YOUR TASK: Each line with the string "FAMILY" is to be copied from the records below.

-- DATASET RECORDS follows --

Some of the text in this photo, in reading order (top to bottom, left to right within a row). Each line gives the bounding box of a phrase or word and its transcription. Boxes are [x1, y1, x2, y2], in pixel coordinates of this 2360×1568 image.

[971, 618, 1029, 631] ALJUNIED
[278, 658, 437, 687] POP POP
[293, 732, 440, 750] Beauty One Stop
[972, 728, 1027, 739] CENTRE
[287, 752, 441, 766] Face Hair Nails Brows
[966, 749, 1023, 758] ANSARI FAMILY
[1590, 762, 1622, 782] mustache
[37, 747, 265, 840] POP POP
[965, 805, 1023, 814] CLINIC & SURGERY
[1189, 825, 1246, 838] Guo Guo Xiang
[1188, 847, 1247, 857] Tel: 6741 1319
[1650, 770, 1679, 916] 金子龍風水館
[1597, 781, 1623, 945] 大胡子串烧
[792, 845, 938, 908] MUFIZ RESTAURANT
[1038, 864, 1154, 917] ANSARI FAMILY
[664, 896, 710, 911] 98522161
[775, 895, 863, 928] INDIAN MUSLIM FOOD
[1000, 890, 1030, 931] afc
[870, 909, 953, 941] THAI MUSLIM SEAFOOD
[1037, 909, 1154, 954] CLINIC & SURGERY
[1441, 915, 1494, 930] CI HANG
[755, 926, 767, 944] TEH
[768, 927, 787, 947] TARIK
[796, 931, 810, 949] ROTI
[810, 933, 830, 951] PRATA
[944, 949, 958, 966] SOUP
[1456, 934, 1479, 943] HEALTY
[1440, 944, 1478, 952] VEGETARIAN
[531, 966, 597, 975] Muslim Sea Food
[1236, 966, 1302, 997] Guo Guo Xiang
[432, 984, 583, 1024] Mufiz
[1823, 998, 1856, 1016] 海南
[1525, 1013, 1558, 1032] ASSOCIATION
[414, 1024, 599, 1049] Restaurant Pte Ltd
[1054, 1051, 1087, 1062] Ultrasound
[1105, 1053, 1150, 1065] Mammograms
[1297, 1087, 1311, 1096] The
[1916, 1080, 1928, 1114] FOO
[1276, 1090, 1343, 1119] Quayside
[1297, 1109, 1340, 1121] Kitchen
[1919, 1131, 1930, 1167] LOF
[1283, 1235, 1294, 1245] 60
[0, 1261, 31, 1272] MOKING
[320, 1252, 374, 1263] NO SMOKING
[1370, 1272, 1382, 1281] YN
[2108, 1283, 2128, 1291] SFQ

-- DATASET RECORDS concluded --

TASK ANSWER:
[966, 749, 1023, 758] ANSARI FAMILY
[1038, 864, 1154, 917] ANSARI FAMILY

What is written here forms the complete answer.